Book Aid International
- Founded: 1954; 72 years ago
- Headquarters: London, U.K.
- Website: bookaid.org

= Book Aid International =

British charitable organization

Book Aid International is a UK registered charity that provides books and supports libraries in Africa and around the world. Every year the charity sends books to public and community libraries as well as libraries in prisons, refugee camps, hospitals, schools and universities. The charity works in close partnership with libraries and also helps libraries develop their services through its library support projects and programmes. In 2019, an estimated 19 million people read the books which Book Aid International provided. Book Aid International should not be confused with the Book Aid Charitable Trust, a Christian UK charity also serving African and other countries, mainly with second-hand Christian books.

== History ==
Book Aid International was founded in 1954 by Hermione, Countess of Ranfurly, after she moved to the Bahamas with her husband, Ulster-Scots Daniel Knox, 6th Earl of Ranfurly, who was Governor of the Bahamas. Upon touring the islands, Lady Ranfurly was shocked at the lack of reading materials available; she founded the Ranfurly Out Island Library service to provide books in the Bahamas. Over the years, she expanded her work throughout the Commonwealth of Nations and set up an organisation called The Ranfurly Library Service in London. In 1994, the Ranfurly Library Service changed its name to Book Aid International.

Prince Philip, Duke of Edinburgh was the charity's patron from 1966 until his death in April 2021. Queen Camilla has been patron since 2022.

In 2007, the Department for International Development ceased funding Book Aid International, requiring them to reduce staff numbers and countries they work in. It is now entirely funded by a range of trusts, companies and individuals.

In 2014, the organisation celebrated its 60th anniversary. Since 2012, it has been directed by Alison Tweed, who replaced Clive Nettleton. In 2014, Lord Boateng became the charity's Chair.

== Current work ==
According to their Annual Report, in 2019 Book Aid International sent 1.2 million books to partners in 26 countries around the world. Many of these countries are in Africa but they also send books to support readers in Syria, Iraq and Greece.

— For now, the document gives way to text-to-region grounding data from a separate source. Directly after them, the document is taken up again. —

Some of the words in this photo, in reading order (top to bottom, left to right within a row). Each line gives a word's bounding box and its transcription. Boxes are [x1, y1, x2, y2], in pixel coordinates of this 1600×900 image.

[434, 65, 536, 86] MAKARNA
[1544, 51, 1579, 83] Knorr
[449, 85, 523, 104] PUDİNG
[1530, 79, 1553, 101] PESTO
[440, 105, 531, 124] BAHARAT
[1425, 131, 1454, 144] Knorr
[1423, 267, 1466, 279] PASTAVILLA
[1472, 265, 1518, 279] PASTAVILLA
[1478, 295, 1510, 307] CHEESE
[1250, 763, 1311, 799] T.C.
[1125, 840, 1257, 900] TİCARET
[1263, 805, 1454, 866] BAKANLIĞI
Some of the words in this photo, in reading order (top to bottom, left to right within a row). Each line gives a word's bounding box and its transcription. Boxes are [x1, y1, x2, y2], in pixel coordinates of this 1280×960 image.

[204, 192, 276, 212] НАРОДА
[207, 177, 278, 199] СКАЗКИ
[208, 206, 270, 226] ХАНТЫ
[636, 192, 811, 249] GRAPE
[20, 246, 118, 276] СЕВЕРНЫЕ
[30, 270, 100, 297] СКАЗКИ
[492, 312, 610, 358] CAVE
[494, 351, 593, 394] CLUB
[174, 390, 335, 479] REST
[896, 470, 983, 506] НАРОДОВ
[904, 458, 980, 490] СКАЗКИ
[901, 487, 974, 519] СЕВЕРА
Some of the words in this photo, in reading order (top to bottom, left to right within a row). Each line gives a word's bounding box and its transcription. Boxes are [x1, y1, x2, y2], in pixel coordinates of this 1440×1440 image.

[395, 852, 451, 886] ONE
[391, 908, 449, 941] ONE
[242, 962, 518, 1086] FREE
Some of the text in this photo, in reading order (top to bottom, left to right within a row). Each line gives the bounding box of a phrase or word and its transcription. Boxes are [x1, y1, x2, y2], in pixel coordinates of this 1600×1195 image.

The charity is supported by book donations from the UK publishing industry and all the books they send are brand new.

The charity's website also details a number of programmes designed to train librarians and teachers as well as to create and support school libraries. These include:

- Inspiring Readers
- Children's Corners
- Reading for all: Kakuma Refugee Camp

== Major book donors ==
Book Aid International is supported by many publishers who donate books, which Book Aid International then sorts, selects according to need, and sends on to library services and NGO partners overseas.

Major book donors include:
- Amazon
- Andersen Press
- Baker Books
- Bloomsbury
- The British Library
- Co-ordination Group Publishing
- Cambridge University Press
- CTA
- Harlequin Mills & Boon
- HarperCollins
- Hachette UK
- International African Institute
- Macmillan
- Miles Kelly
- Oxford University Press
- Pearson
- Penguin Random House
- RELX Group
- SAGE Publications
- Walker Books
- Wiley
- Zed Books

== Countries of operation ==
The following countries receive significant donations of books from Book Aid International:
- Cameroon
- Eritrea
- Ethiopia
- Greece
- Iraq
- Kenya
- Malawi
- Occupied Palestinian Territories
- Sierra Leone
- Somalia
- South Sudan
- Tanzania and Zanzibar
- Uganda
- Zambia
- Zimbabwe

==Sources==
- Harrity, Sara (2006). "Changing Roles of NGOs in the Creation, Storage, and Dissemination of Information in Developing Countries"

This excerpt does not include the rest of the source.